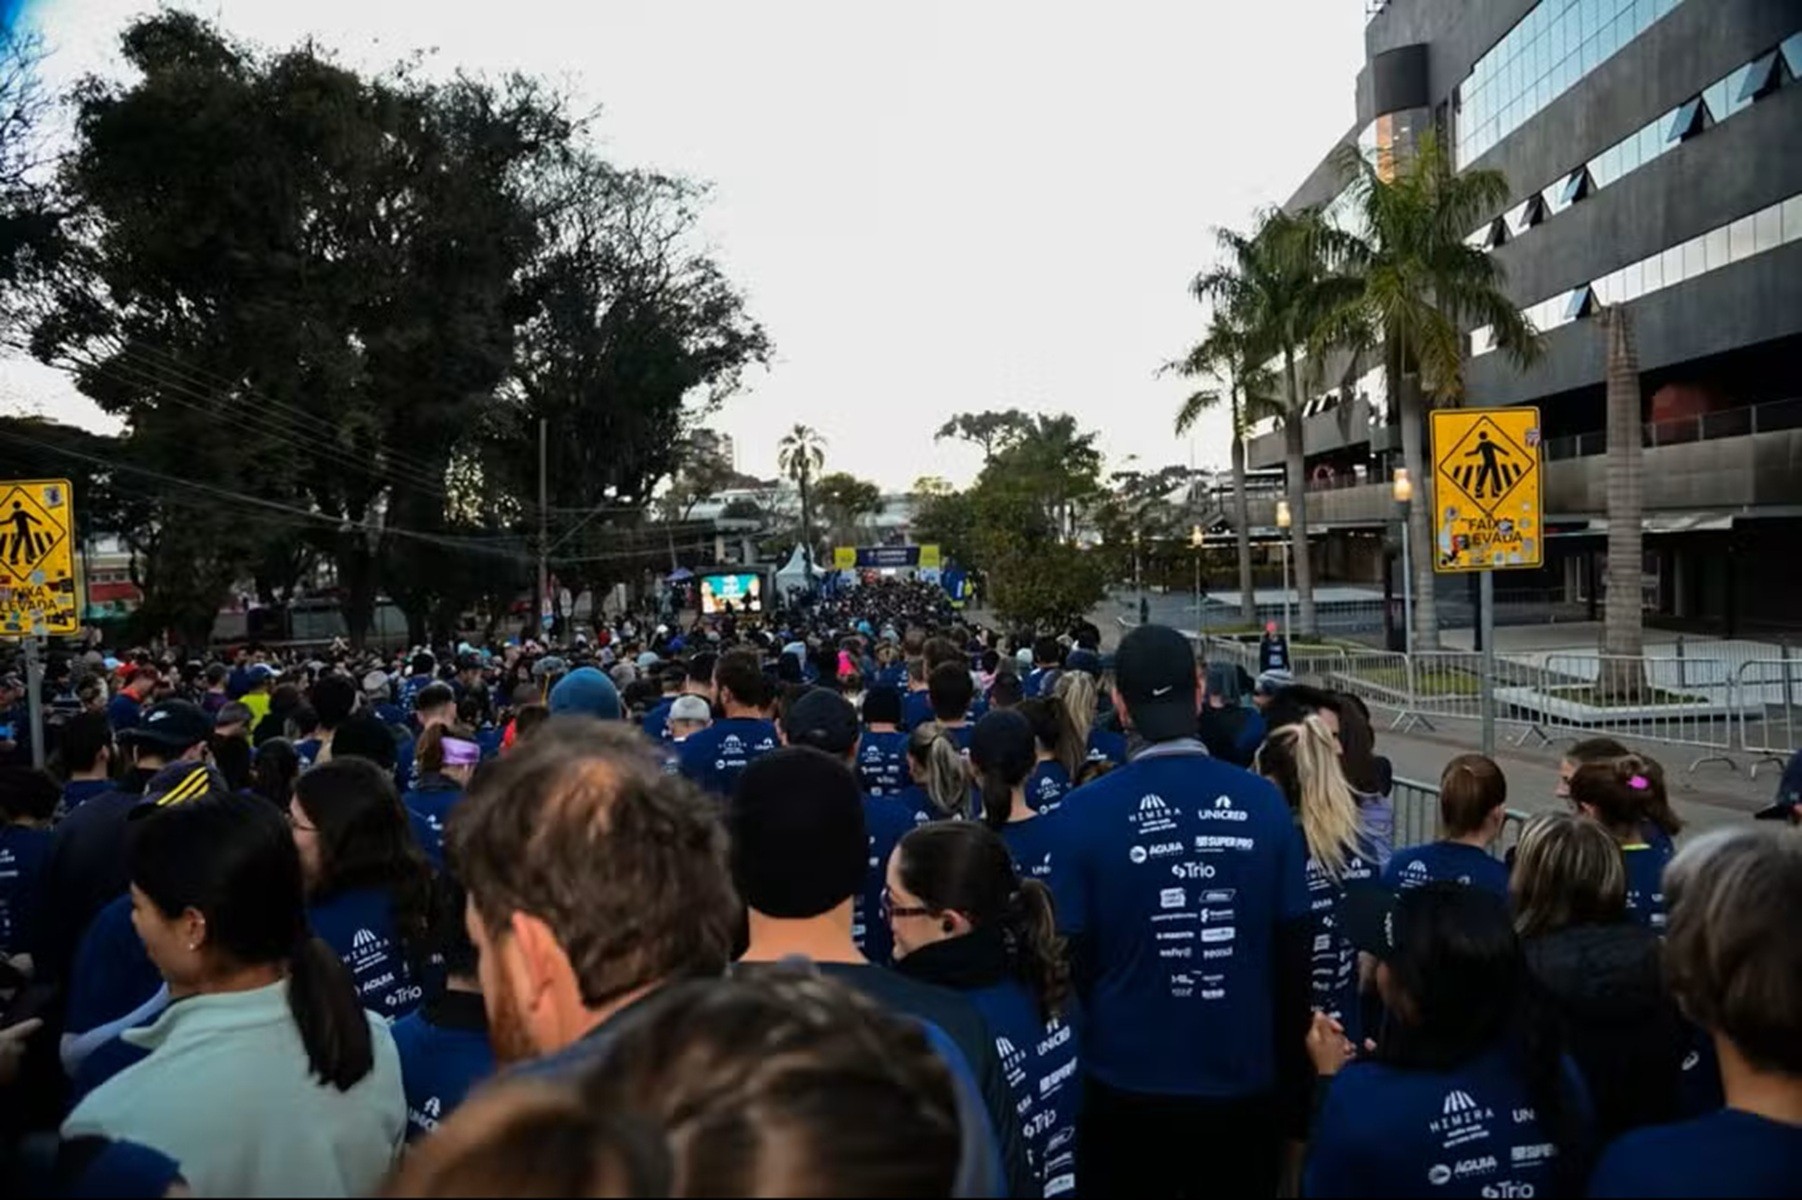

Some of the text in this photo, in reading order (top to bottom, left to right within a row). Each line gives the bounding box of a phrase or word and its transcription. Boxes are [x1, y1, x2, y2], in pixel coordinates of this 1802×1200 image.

[1466, 517, 1513, 532] FAIX
[1198, 809, 1249, 822] UNICRED
[1183, 860, 1217, 879] Trio
[395, 984, 422, 1004] Trio
[1496, 1180, 1535, 1199] Trio
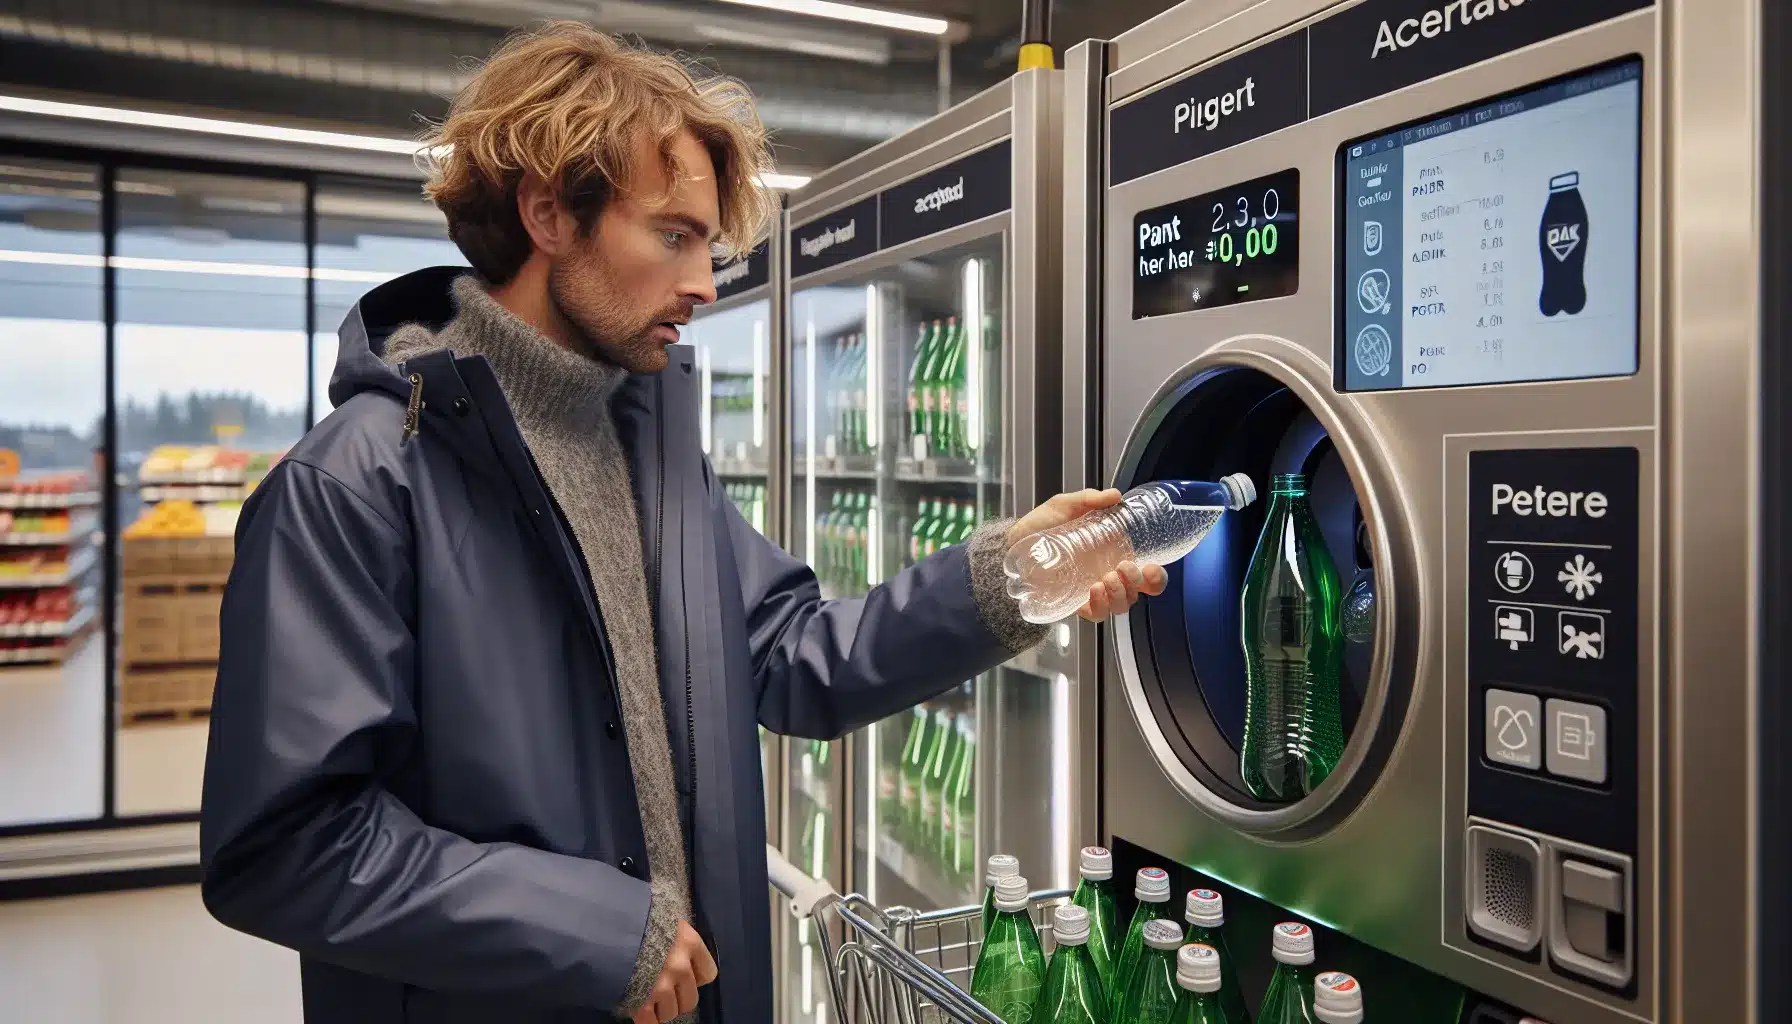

****************

__YOUR ASSIGNMENT__.
Copy out the full material exactly. Pictures should not appear in it.

__RESPONSE__.
Some of the text in this photo, in reading order (top to bottom, left to right within a row). Each line gives the bounding box of a phrase or word and its transcription. Boxes are [x1, y1, x2, y2], in pixel coordinates of this 1802×1200 image.

[1466, 517, 1513, 532] FAIX
[1198, 809, 1249, 822] UNICRED
[1183, 860, 1217, 879] Trio
[395, 984, 422, 1004] Trio
[1496, 1180, 1535, 1199] Trio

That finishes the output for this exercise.